* [Work item] Write down the listing again exactly as it appears below, without its pictures.
# # # # # # #
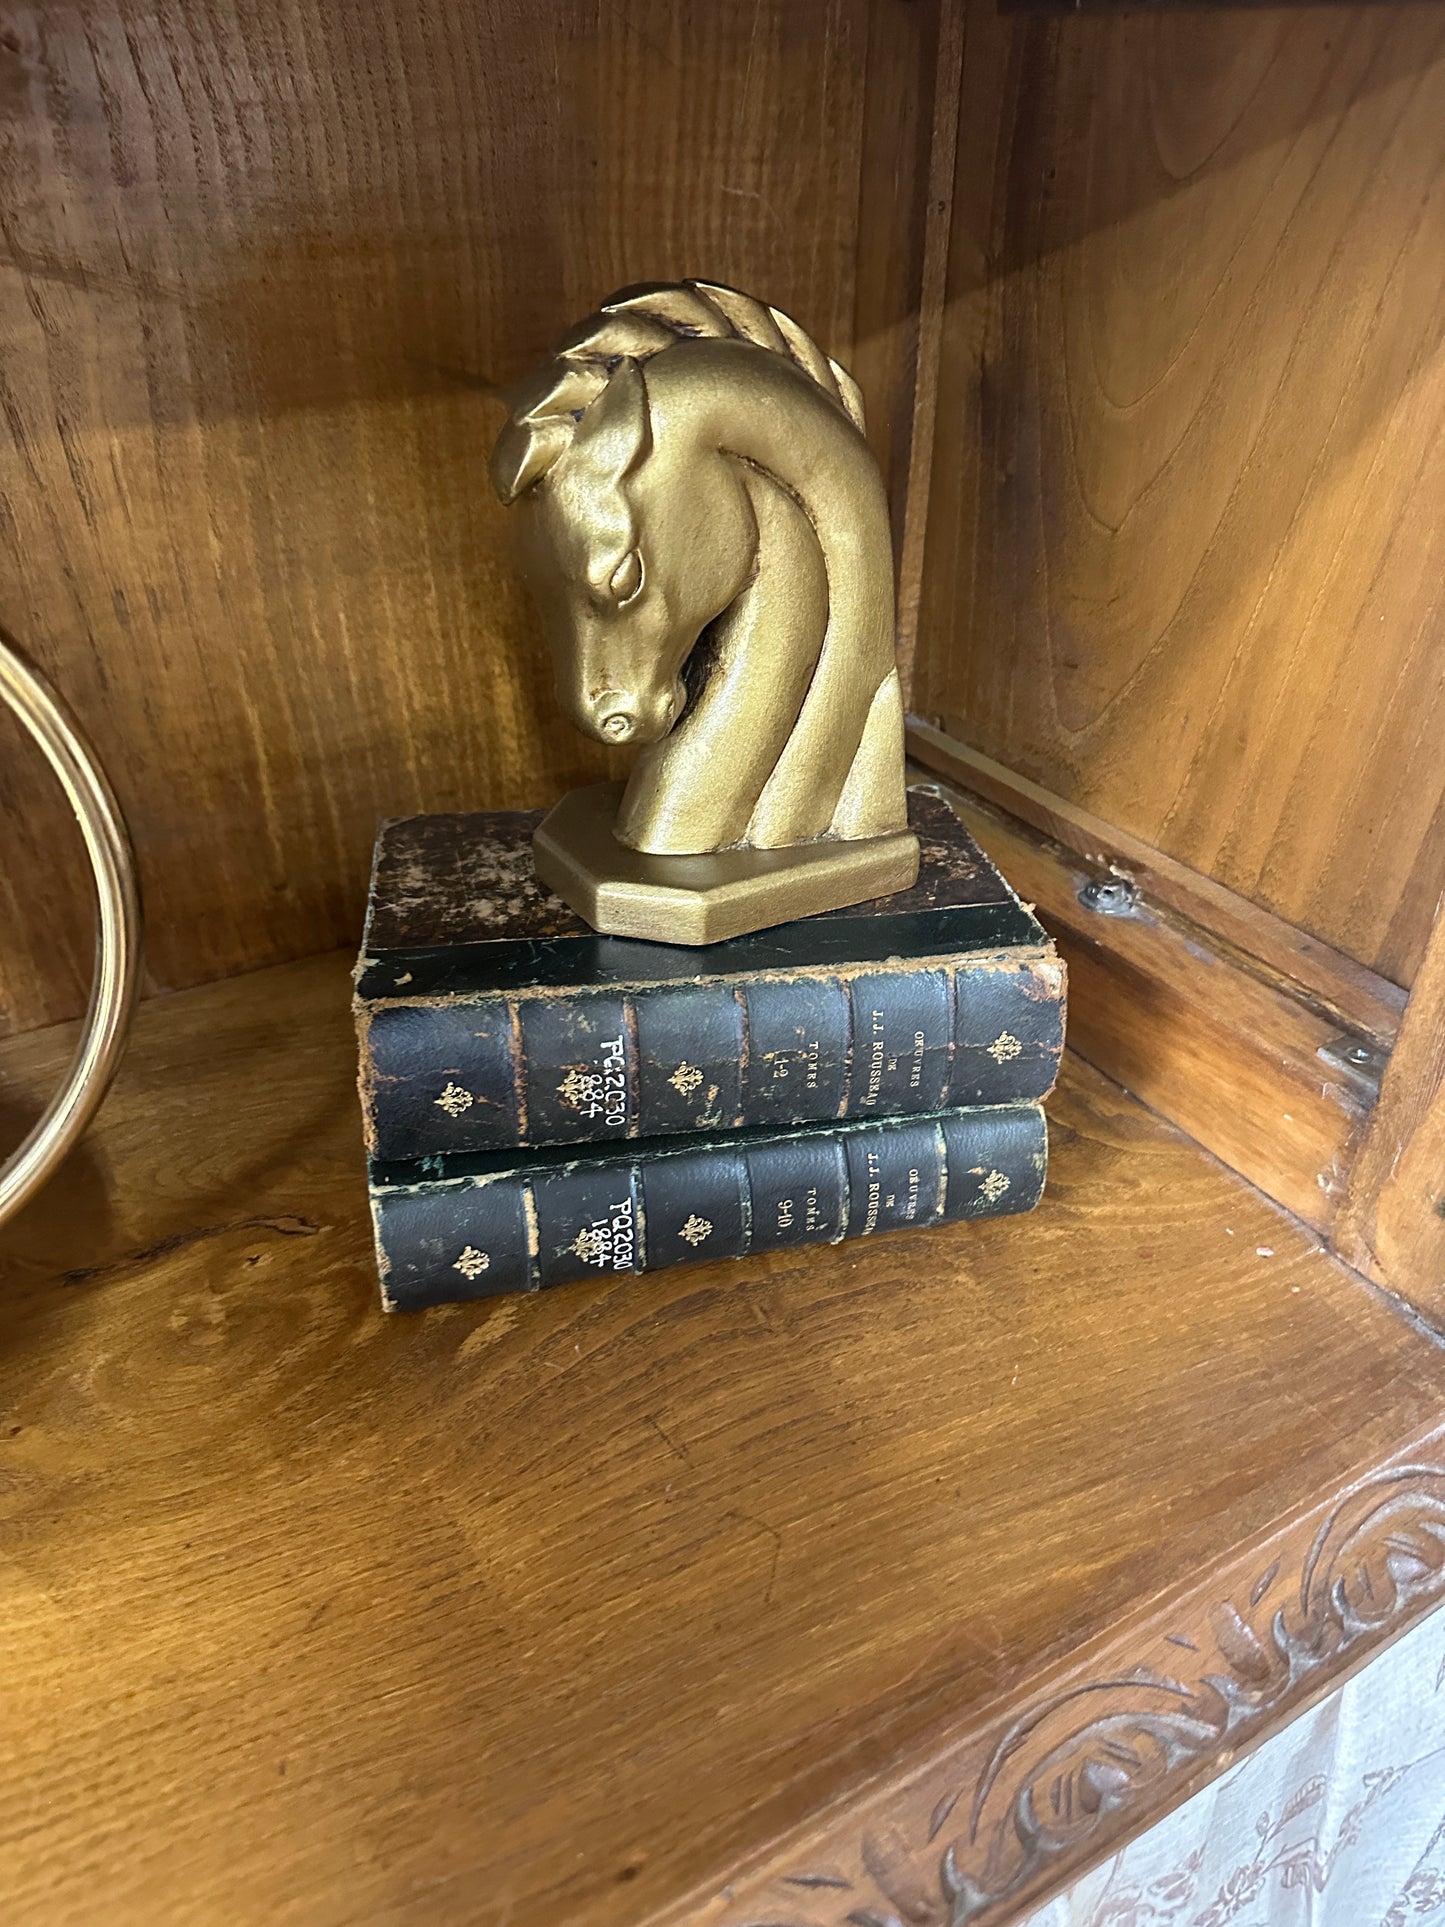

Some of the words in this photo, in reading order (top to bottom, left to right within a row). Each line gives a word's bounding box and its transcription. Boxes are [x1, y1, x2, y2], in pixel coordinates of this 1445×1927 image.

[773, 1057, 790, 1078] 1-2
[806, 1041, 819, 1089] TOMES
[866, 1041, 884, 1106] ROUSSEAU
[580, 1060, 604, 1119] 884
[609, 1197, 634, 1270] PQ2030
[777, 1199, 794, 1228] 9-10
[805, 1187, 817, 1232] TOMES
[590, 1218, 612, 1267] 1884
# # # # # # #
* [Exercise output]
Some of the words in this photo, in reading order (top to bottom, left to right within a row). Each line gives a word's bounding box and its transcription. Boxes are [x1, y1, x2, y2], in pixel coordinates of this 1445×1927 image.

[773, 1057, 790, 1078] 1-2
[806, 1041, 819, 1089] TOMES
[866, 1041, 884, 1106] ROUSSEAU
[580, 1060, 604, 1119] 884
[609, 1197, 634, 1270] PQ2030
[777, 1199, 794, 1228] 9-10
[805, 1187, 817, 1232] TOMES
[590, 1218, 612, 1267] 1884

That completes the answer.